## WORK TASK
What's needed: every entry, printed exactly, minus the images.

## INFORMATION
----

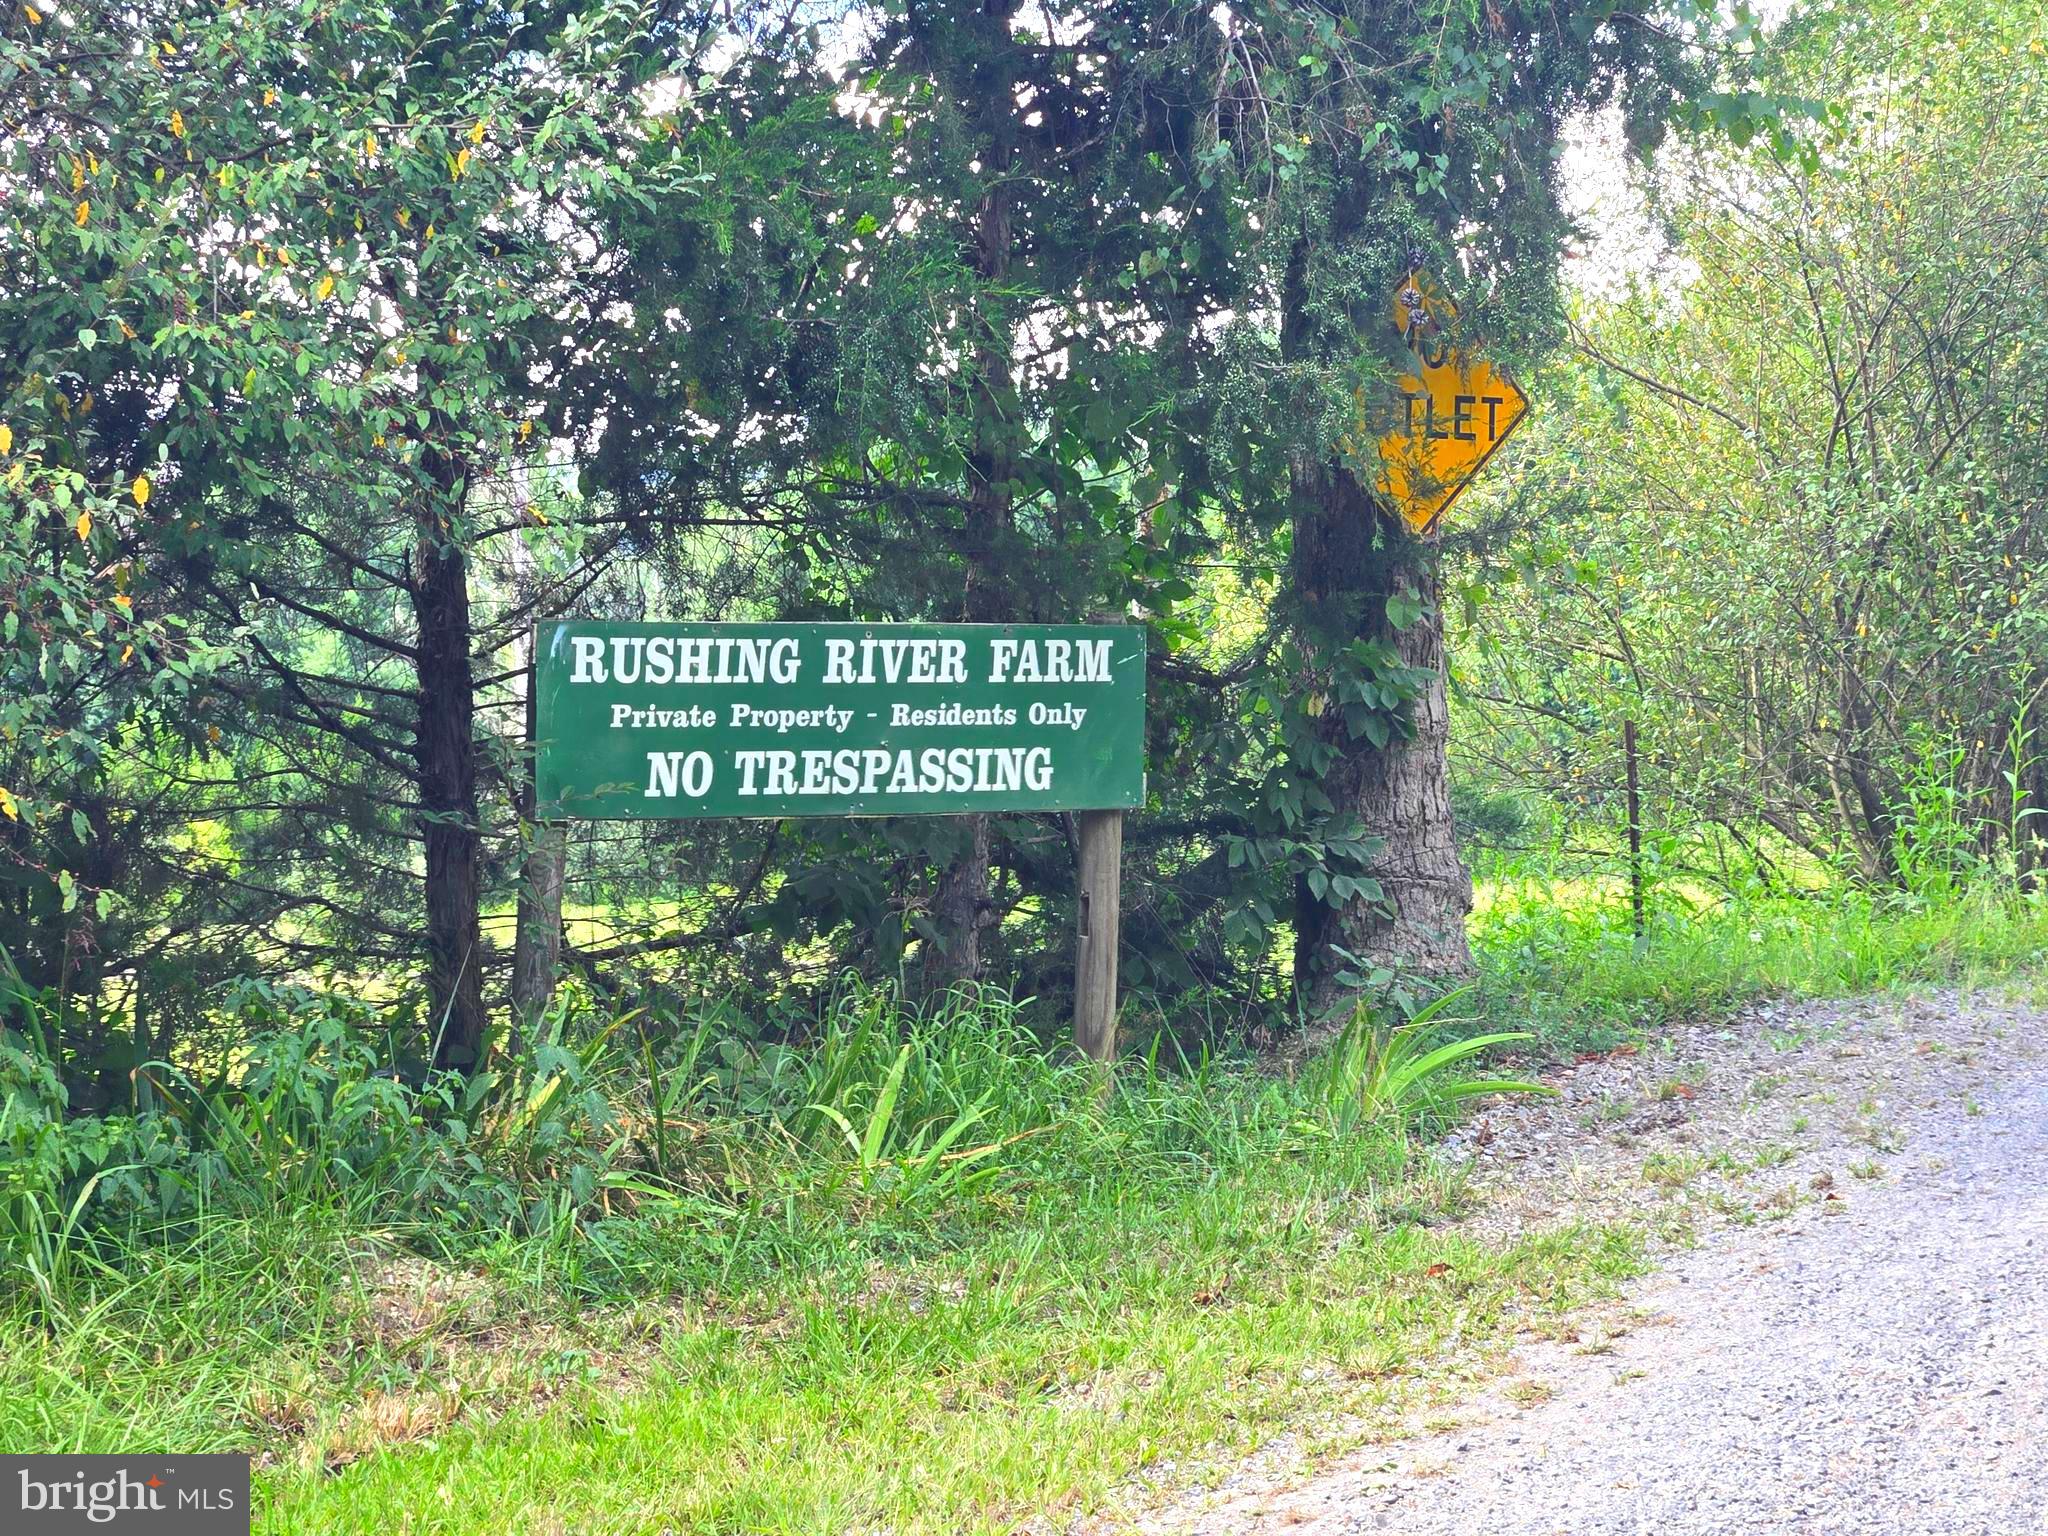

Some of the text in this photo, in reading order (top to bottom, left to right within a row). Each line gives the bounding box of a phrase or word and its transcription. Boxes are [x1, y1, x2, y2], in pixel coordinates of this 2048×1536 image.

[569, 636, 1115, 685] RUSHING RIVER FARM
[609, 703, 717, 728] Private
[729, 703, 855, 734] Property
[889, 702, 1017, 727] Residents
[1028, 702, 1088, 731] Only
[644, 746, 1055, 798] NO TRESPASSING

----

## OUTPUT
Some of the text in this photo, in reading order (top to bottom, left to right within a row). Each line gives the bounding box of a phrase or word and its transcription. Boxes are [x1, y1, x2, y2], in pixel coordinates of this 2048×1536 image.

[569, 636, 1115, 685] RUSHING RIVER FARM
[609, 703, 717, 728] Private
[729, 703, 855, 734] Property
[889, 702, 1017, 727] Residents
[1028, 702, 1088, 731] Only
[644, 746, 1055, 798] NO TRESPASSING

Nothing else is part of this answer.